Based totally on the agrarian need for farm labor, the school year was purposely set to not interfere with the cycle of crop growth and harvest. Family plots needed to be worked and the demand for labor got more immense during the growing season; family members were the logical choice. Schools were closed for the summer and the child workforce stayed at home for the summer months. But the family plots have been replaced by a mechanized workforce. Besides the family garden, most children have all but been forgotten from the family farm. In addition, some teachers also double as small farmers. They are anxious for summer vacation, so they can work their plots and not work in the local schools.
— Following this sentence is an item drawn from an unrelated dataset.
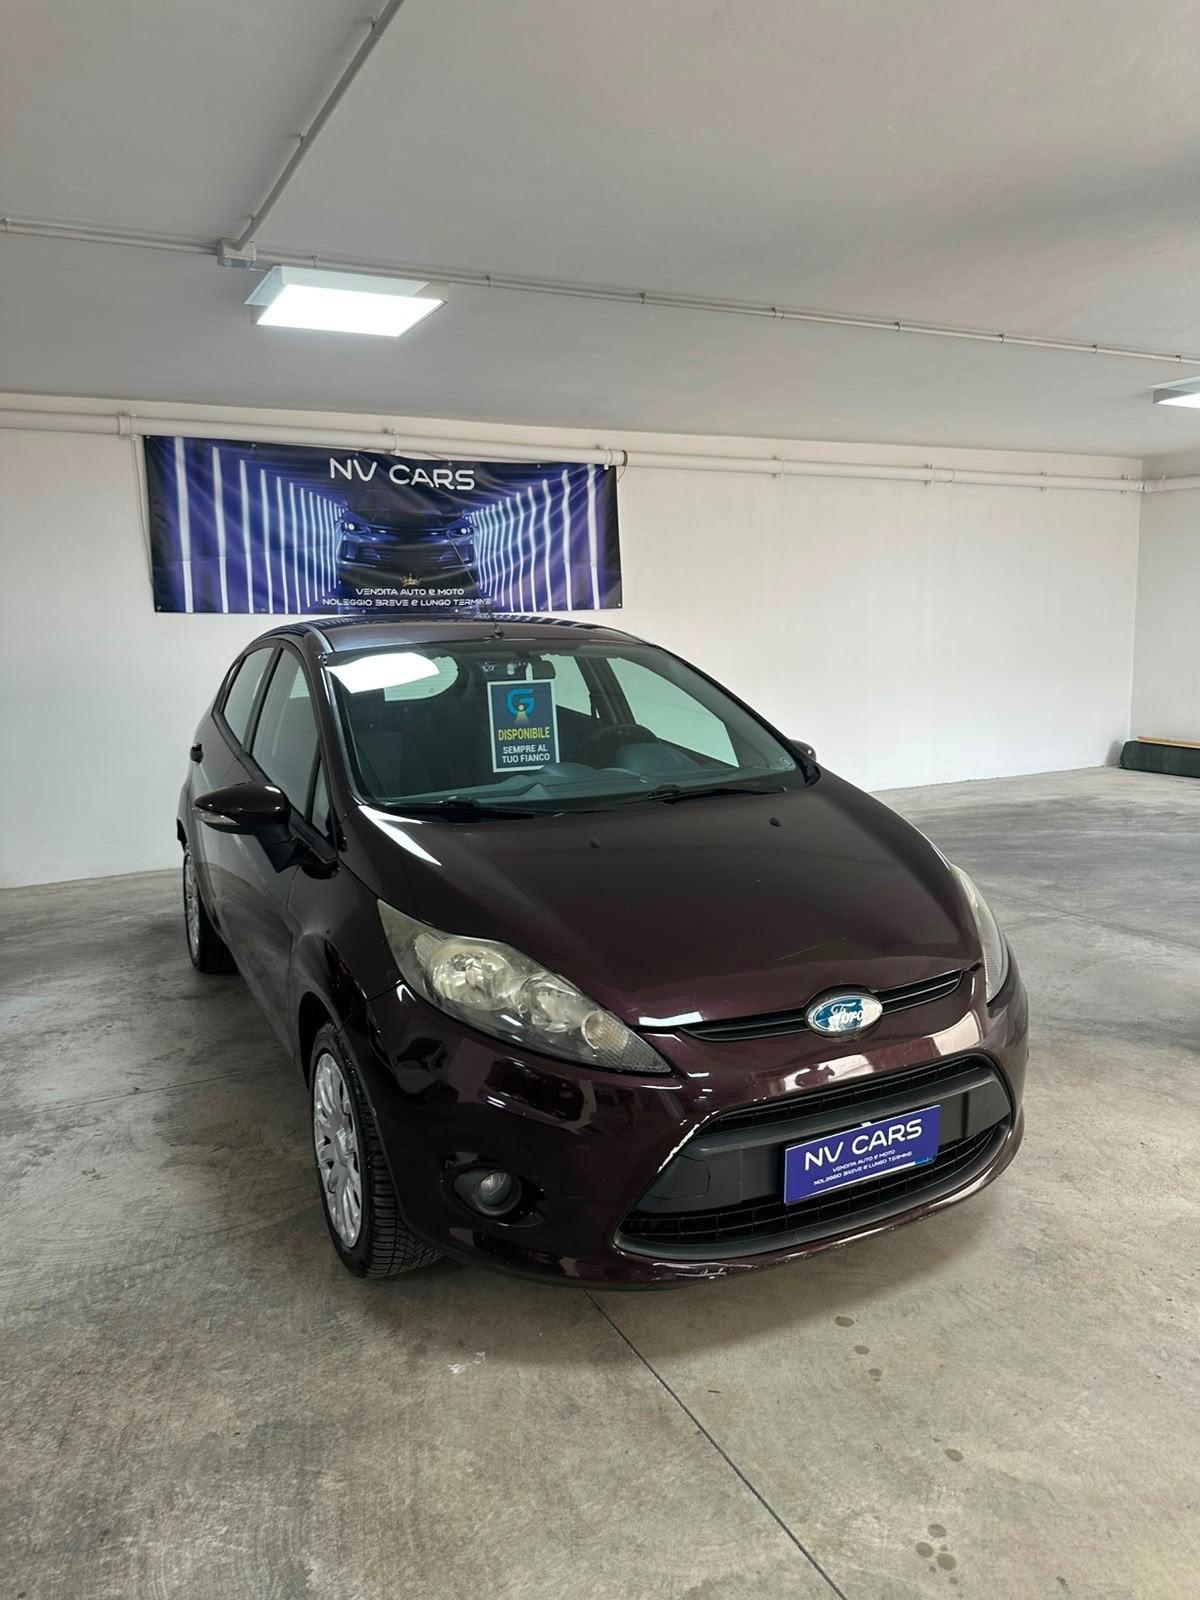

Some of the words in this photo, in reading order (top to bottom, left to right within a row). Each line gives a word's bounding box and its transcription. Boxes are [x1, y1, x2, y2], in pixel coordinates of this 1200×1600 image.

In the State of Utah as with most other states, the required 180 days of formal school are required. Utah also has an expectation of 990 hours of formal instruction per school year. During the 1980’s, expectations begin to change across the United States with a call for an increase in the amount of time spent in the classroom. Some states increased hours of instruction and some increased days of the school year. Other created innovative school years that allowed buildings to be used all year long with rotating sections taking “summer” breaks in pieces throughout the year. While it appears that the 180 day school year has been good for the American student, other industrialized nations expect far more from their kids but the proof still is not accepted that longer school years produce better students. The current rally is for quality not quantity. In Garfield County, some kids still help out on the family farm and others may be involved in the summer tourist business. Whatever the case, school burnout and fatigue can be alleviated for both students and teachers by allowing each a break from one another. We have a name for that around here; it’s called a summer vacation.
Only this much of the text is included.